The answer for him and for us is God’s authority, obeyed and exercised in us by our conscience.
Our conscience, according to Pope Benedict, St. Thomas More, and Catholic teaching, operates according to reason informed by and conformed with the wisdom of God. As Marc D. Guerra writes in his article, Thomas More’s Correspondence on Conscience, “. . . [I]n contrast to the modern claim that the individual can create his own moral values, More saw the ‘formation of conscience’ as ‘the fruit’ of an education ‘in the truth.’ Far from being the arbitrator and creator of its own moral order, the human conscience is in need of conforming to the truth. For More, the formation of conscience is the result of a long process in which one discovers a preexisting created moral order. . .” In short, our conscience doesn’t determine moral truth for us; it discovers God’s moral truth, and strives to make right judgments accordingly. We look to God to see what it means to be human, what it means to be good, what it means to be married, what it means to be parents, what it means to be responsible.

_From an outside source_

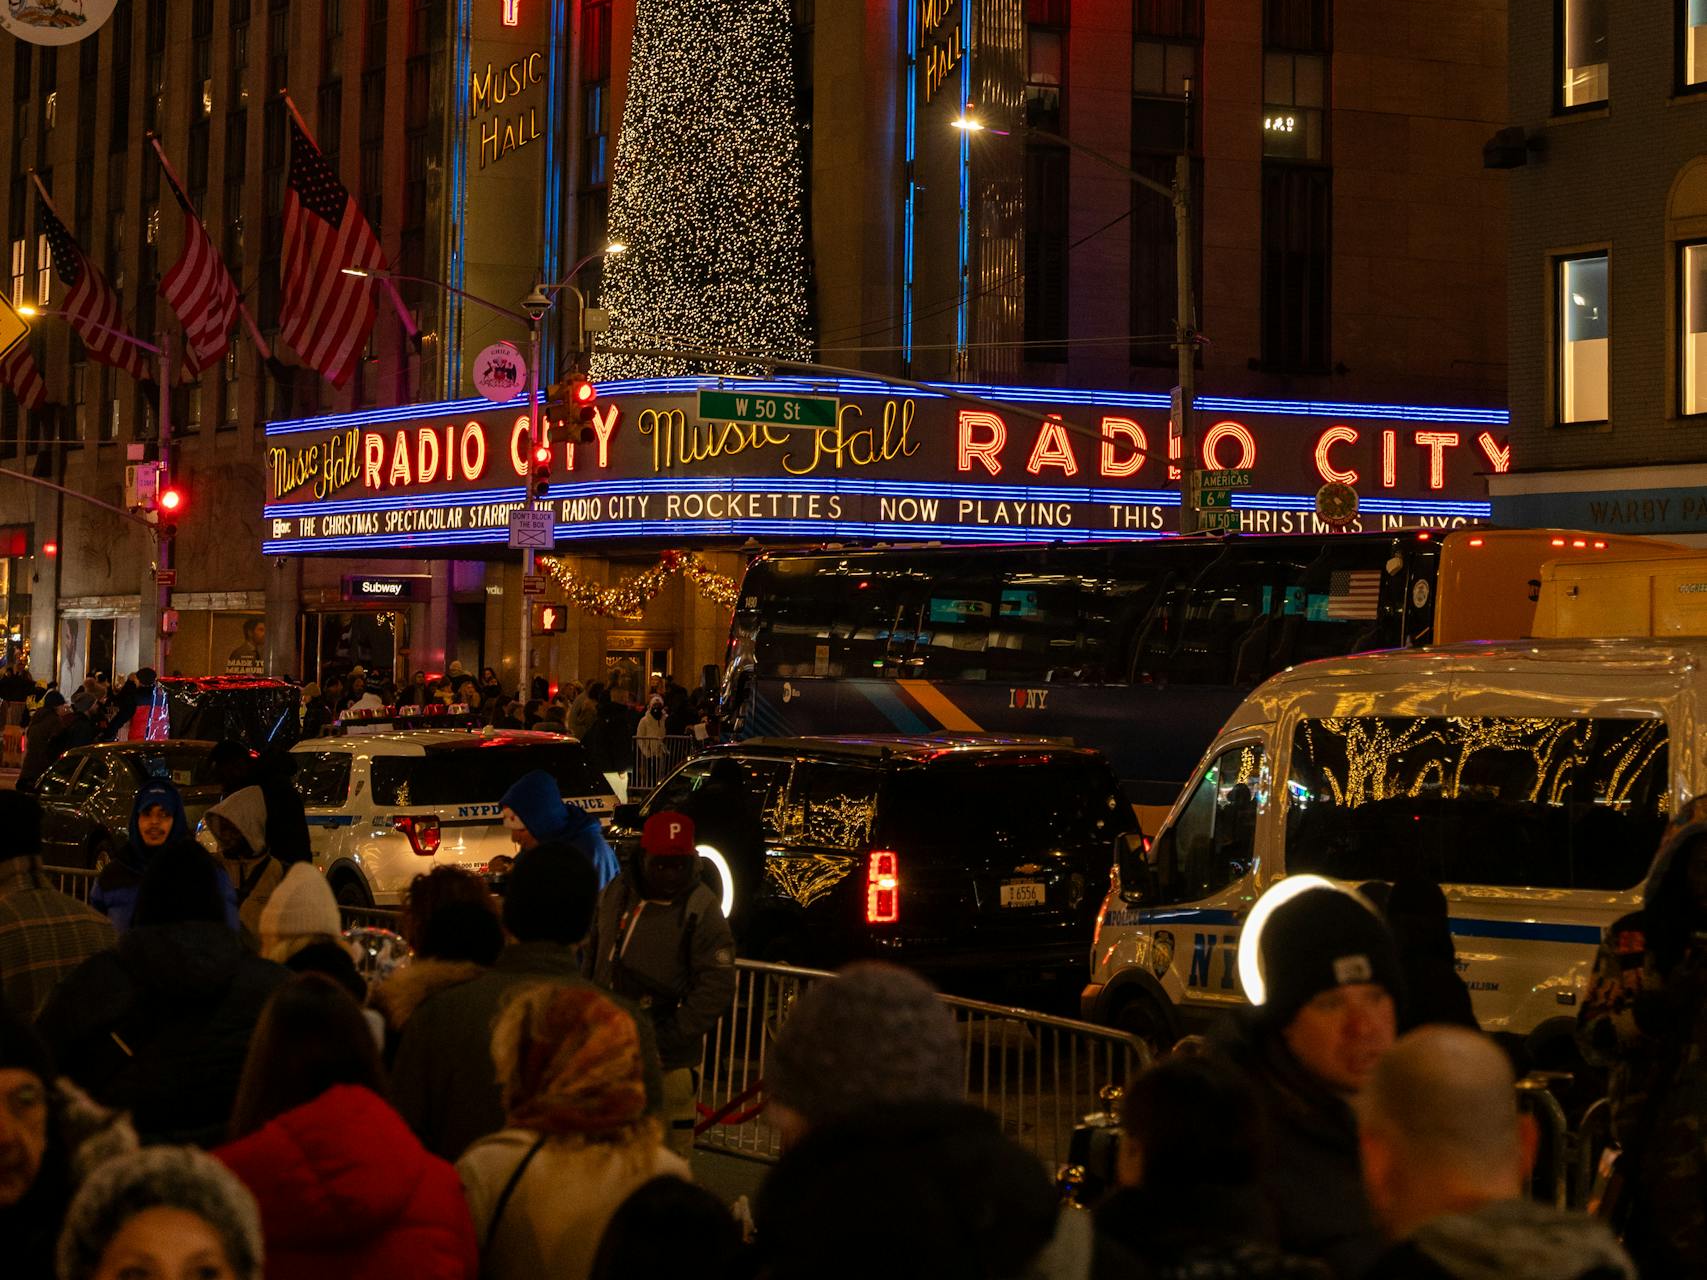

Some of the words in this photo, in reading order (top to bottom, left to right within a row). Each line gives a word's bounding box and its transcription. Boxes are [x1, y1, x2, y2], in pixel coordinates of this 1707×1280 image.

Current political actions at the national and state level threaten to impose upon the Catholic Church and her members requirements that violate the moral order and our well-formed consciences. They include decisions by the Obama administration ordering Catholic hospitals and educational institutions to provide insurance that will provide sterilization, contraception, and even some abortion-inducing drugs in violation of Church teaching; and withholding previously awarded funding to the highly regarded US Bishops’
They also include pending NJ state legislation that will legalize and equate same-sex marriages with traditional marriage, and actions here and in other states that will penalize religious charities and organizations, including health-care, educational and adoption agencies that maintain opposition to same-sex marriage, contraception, sterilization and abortion on moral grounds. In addition, some in the NJ Legislature are working toward the suspension of the statute of limitations for civil cases involving sex abuse, which might be arguable if it were to be applied equally to all public entities and all denominations, agencies and institutions, and not, ultimately, to Church alone.
For St. Thomas More, acting in good conscience brought him into conflict with the political power of his day and demanded the sacrifice of his life. As it becomes more and more difficult to practice faithful citizenship, may we exercise our freedoms and rights, and make choices and decisions, with the courage and conscience of St. Thomas.